Laura-Mary Carter, one half of rockers Blood Red Shoes, turns to the acoustic guitar for her debut solo outing. Pivoting from the thumping racket of her day job, Carter draws inspiration from country music adding a noir-ish pop twist.
A much quieter and more contemplative sound than her usual guitar-shredding anthems, Town Called Nothing was written in between tours at various sublets and studios in the UK and Los Angeles. On the initial process she says: ”I found a beat-up acoustic guitar and without thinking about it songs just started to come to me. The idea of writing on an acoustic guitar was new to me. I realised that writing in this intimate way exposed my voice and changed the way I was writing and singing lyrics.”
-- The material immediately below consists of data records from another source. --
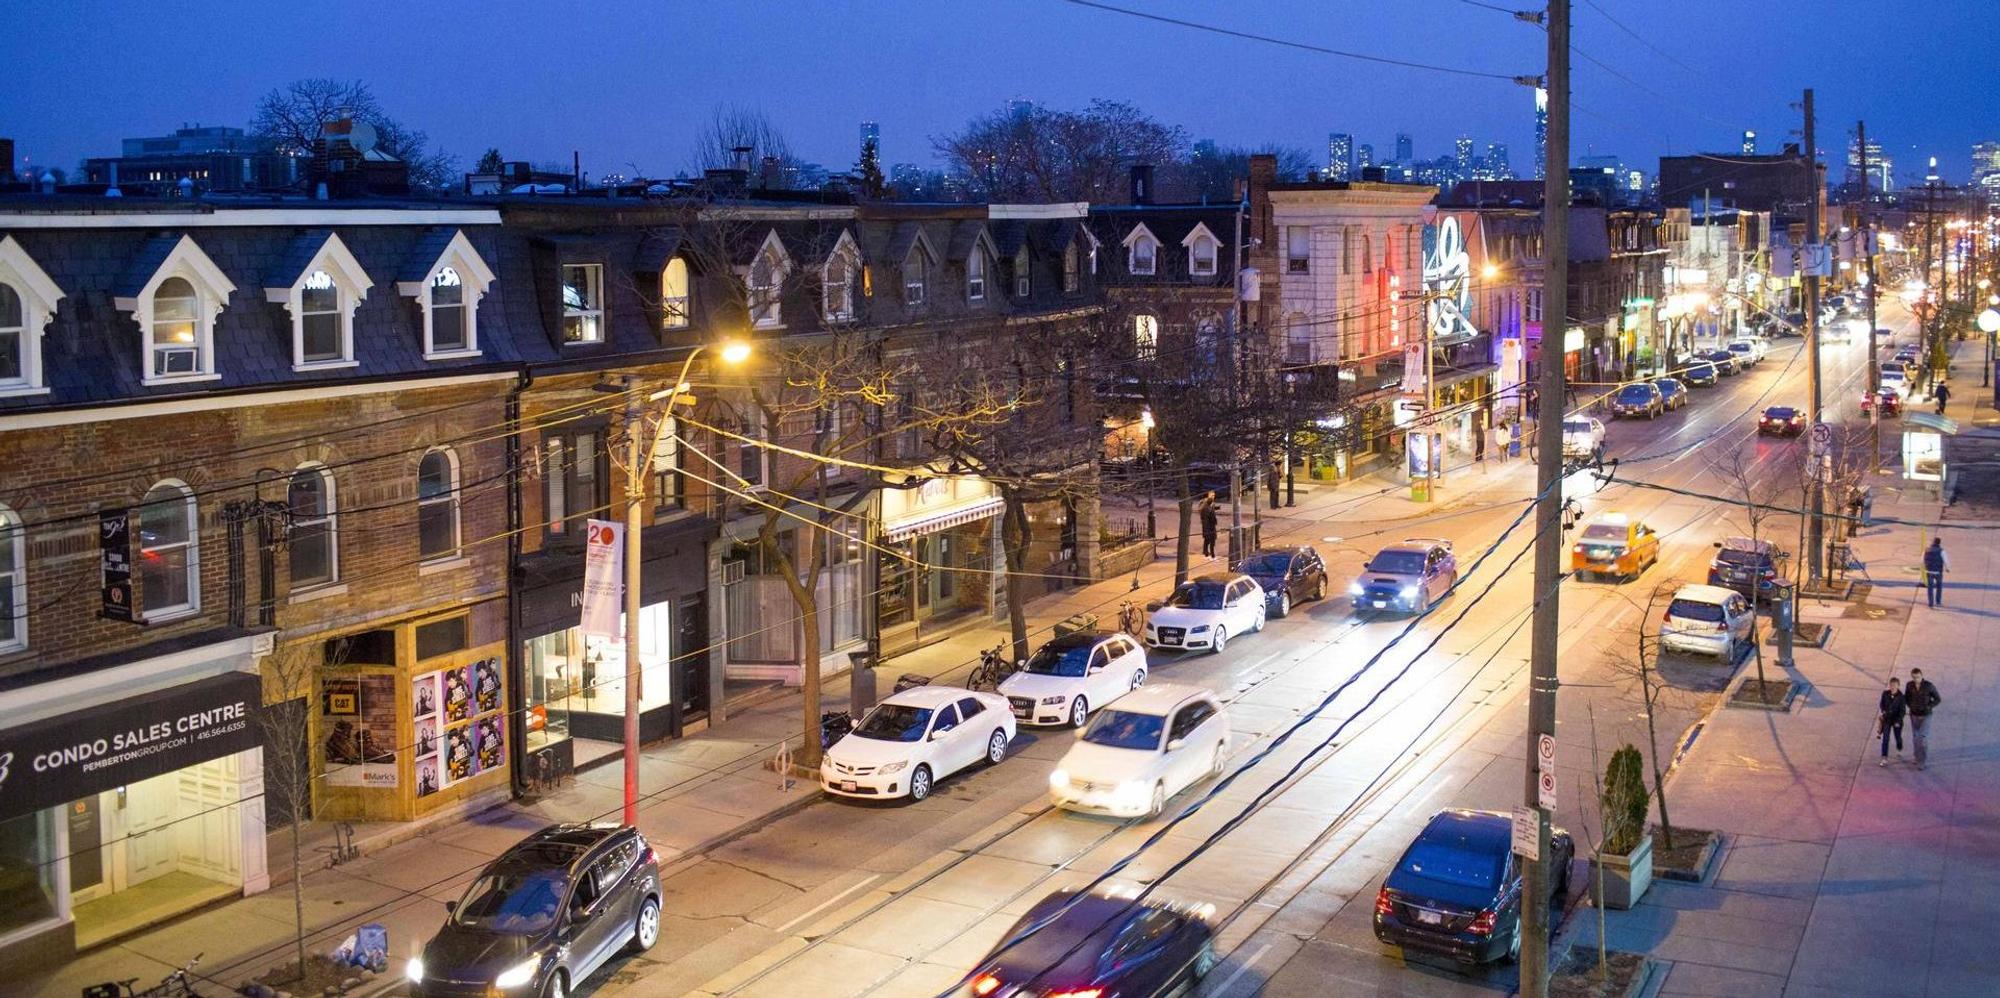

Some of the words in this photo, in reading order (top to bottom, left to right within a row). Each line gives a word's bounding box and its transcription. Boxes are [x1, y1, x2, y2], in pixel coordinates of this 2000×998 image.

[334, 698, 350, 709] CAT
[33, 739, 108, 772] CONDO
[113, 721, 172, 751] SALES
[176, 701, 245, 733] CENTRE
[83, 737, 187, 773] PEMBERTONGROUPCOM
[367, 772, 396, 781] Mark's
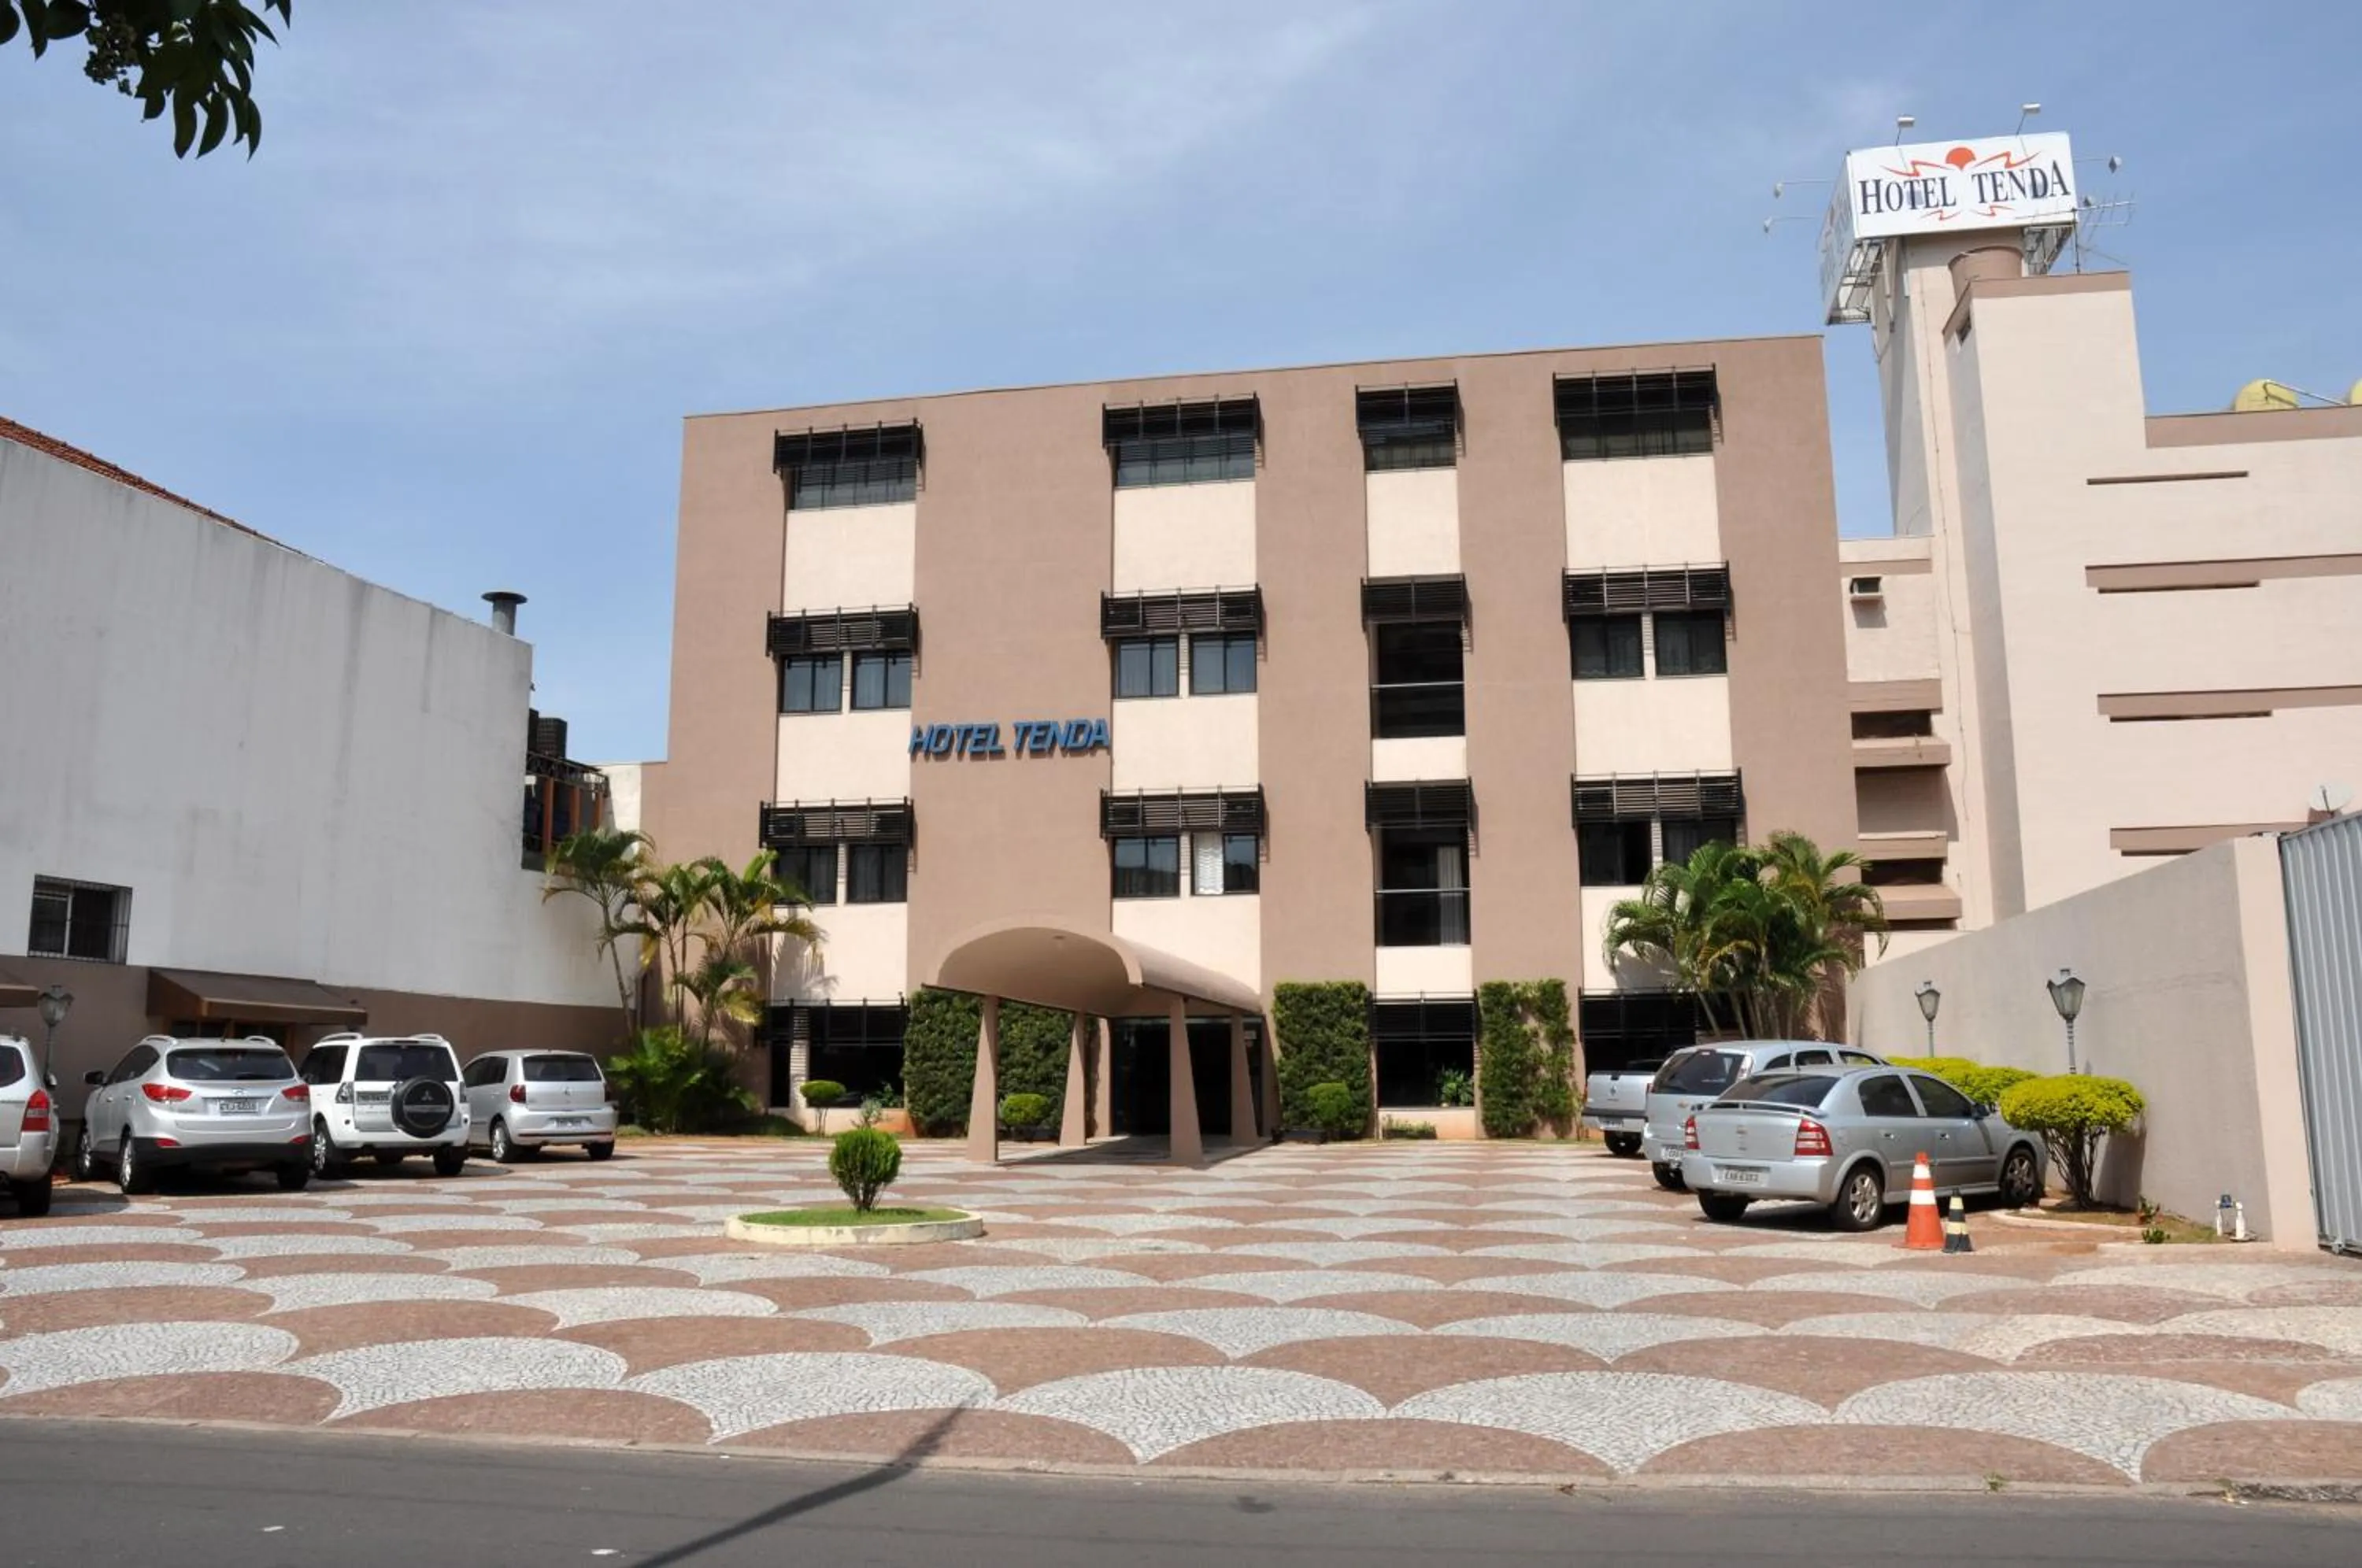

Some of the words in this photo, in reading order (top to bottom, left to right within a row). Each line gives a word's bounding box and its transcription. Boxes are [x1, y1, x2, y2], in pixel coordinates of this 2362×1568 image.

[1859, 176, 1957, 215] HOTEL
[1971, 159, 2071, 204] TENDA
[909, 722, 1005, 756] HOTEL
[1013, 718, 1111, 753] TENDA
Following 17 years of tearing it up around the globe with her bandmate Steven Ansell, Carter is discovering a voice she hasn’t given a voice to until now. The impact of the Covid-19 pandemic on a usually hectic touring schedule gave the Dubliner an opportunity to finally sit still. Long enough at least to experiment with different sounds. However, it wasn’t long before her nomadic desires took over again. From a young age, Carter was used to a peripatetic lifestyle, never really calling a single place her home. It proves to be a major influence on Town Called Nothing. Across the 22 minutes, Carter explores themes of love, exploration and self reflection.
On album opener, Blue’s Not My Colour, she acknowledges her developed pragmatism when it comes to ending relationships, reflecting, “Just a moment in time / like a stranger passing by,” while on Signs, we’re reminded that even the toughest of lovers who’ve experienced heartache simply need space to heal: “Signs they say it takes some time / waiting on tomorrow.” Title-track Town Called Nothing is a country-indebted lament about the inescapable pull of a relationship doomed to fail. It’s true to the aphorism of three chords and the truth, as the jaunty band rides behind our wanderer exploring a new route on a previously well known musical map.
Carter has the voice and looks to make it as a pop act if she really fancied pursuing that particular goal. But her influences on the EP veer more towards the likes of St Vincent and Angel Olsen whose alternative approach to crafting clever observations on life perhaps indicate Carter’s preference. This is summed up on Better On My Own when she affirms, “I will never be the girl you knew before / I will never be the one whom you adore.”
The brooding diary piece of The City We Live exposes an insecurity so many feel when a relationship gets comfortable – the point where you stick or twist – and the perils of being the one left behind. For someone, like Carter, used to grabbing life by the horns, this might feel doubly daunting.
On Ceremony, Carter’s refrain of, “No regrets, no rewinds, resets” reassures us this is no damsel left behind to wallow. The time afforded to her over the past 18 months has given Carter a renewed creative focus, which has only begun to bear fruit over these six songs.
It feels like there is a lot more to come if the opportunity to continue exploring new musical pathways.